下描きは水彩。あとはほぼアクリル絵の具とペインティングナイフだけで描いてみた。奥の建物は上に1.5倍ほど伸ばして、空を小さくした方が構成上は良かったかもしれない。ナイフでは細かく描けないのが幸い、主張が明確になる。そんな主張など、誰の耳にも届かないんだけど。

百合を描く

       「カサブランカ」 水彩

いわゆる「西洋絵画」をちょっと学ぶと、「百合」の描かれた絵が続々と出てくることに驚くかもしれない。一般に西欧絵画といわれるもののイメージが(14世紀以後の)油絵であり、その本道が「キリスト教絵画」であったことは多くの人が知識として知っている。そこでは百合が、「純潔」「高貴」の象徴として登場する。特に多いのは大天使ガブリエルが処女マリアに妊娠を告げる場面である。

「え~っ、なんでわたしが妊娠するわけ~?!」と驚くマリアの顔をどう描くか、画家たちの腕の見せ所だったらしい。ちなみにレオナルド・ダ・ヴィンチもこのシーンを描いているが、レオナルドのマリア曰く「知ってたわよ、そんなこと」。「それでどうしてくれんの?」と、ひざまずく大天使を前に「上から目線」の堂々のマリア像を描いている。
 生まれてくるのがイエスだから?イエス。父親?は鍛冶屋のヨハネということになっているが、DNA鑑定のない時代の話であるから、「百合の花」の存在意義があるわけだ。
 ちなみに、「もう、バレちゃったの~?」の困惑のマリアや、開き直りのマリアまでいろいろ表現があって楽しいが、当時の画家たちも妄想を楽しんでいたのかも知れない。ご興味の方は、(意外にストレートな)西洋絵画を勉強いたしましょう。

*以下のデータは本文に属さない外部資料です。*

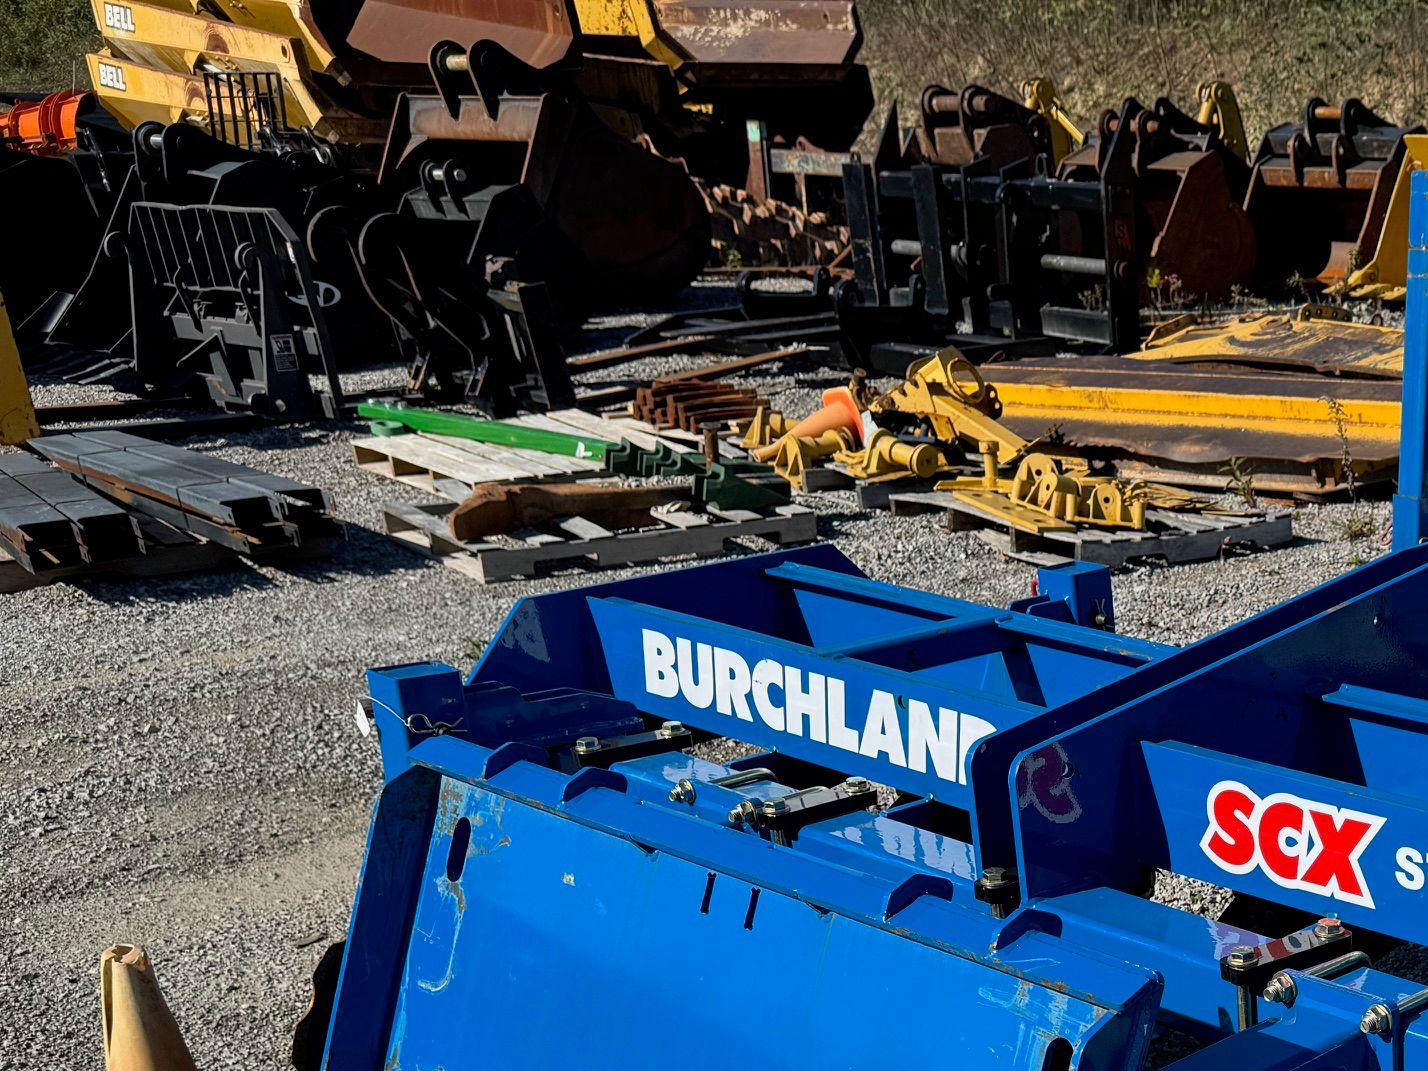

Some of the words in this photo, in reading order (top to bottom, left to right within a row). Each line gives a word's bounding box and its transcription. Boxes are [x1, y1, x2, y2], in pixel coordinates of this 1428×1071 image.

[104, 3, 136, 33] BELL
[98, 62, 126, 91] BELL
[1200, 780, 1387, 909] SCX

つい、なんの脈絡もなくありったけの教養をひけらかしてしまったが、ガブリエルが手に持っているユリは、同じ白ユリでも「カサブランカ」ではない。カサブランカは名前からして外国種だと解るが、日本にもヤマユリ、スカシユリなど15種類ほども原生種があると言われている(ウィキペディアから)。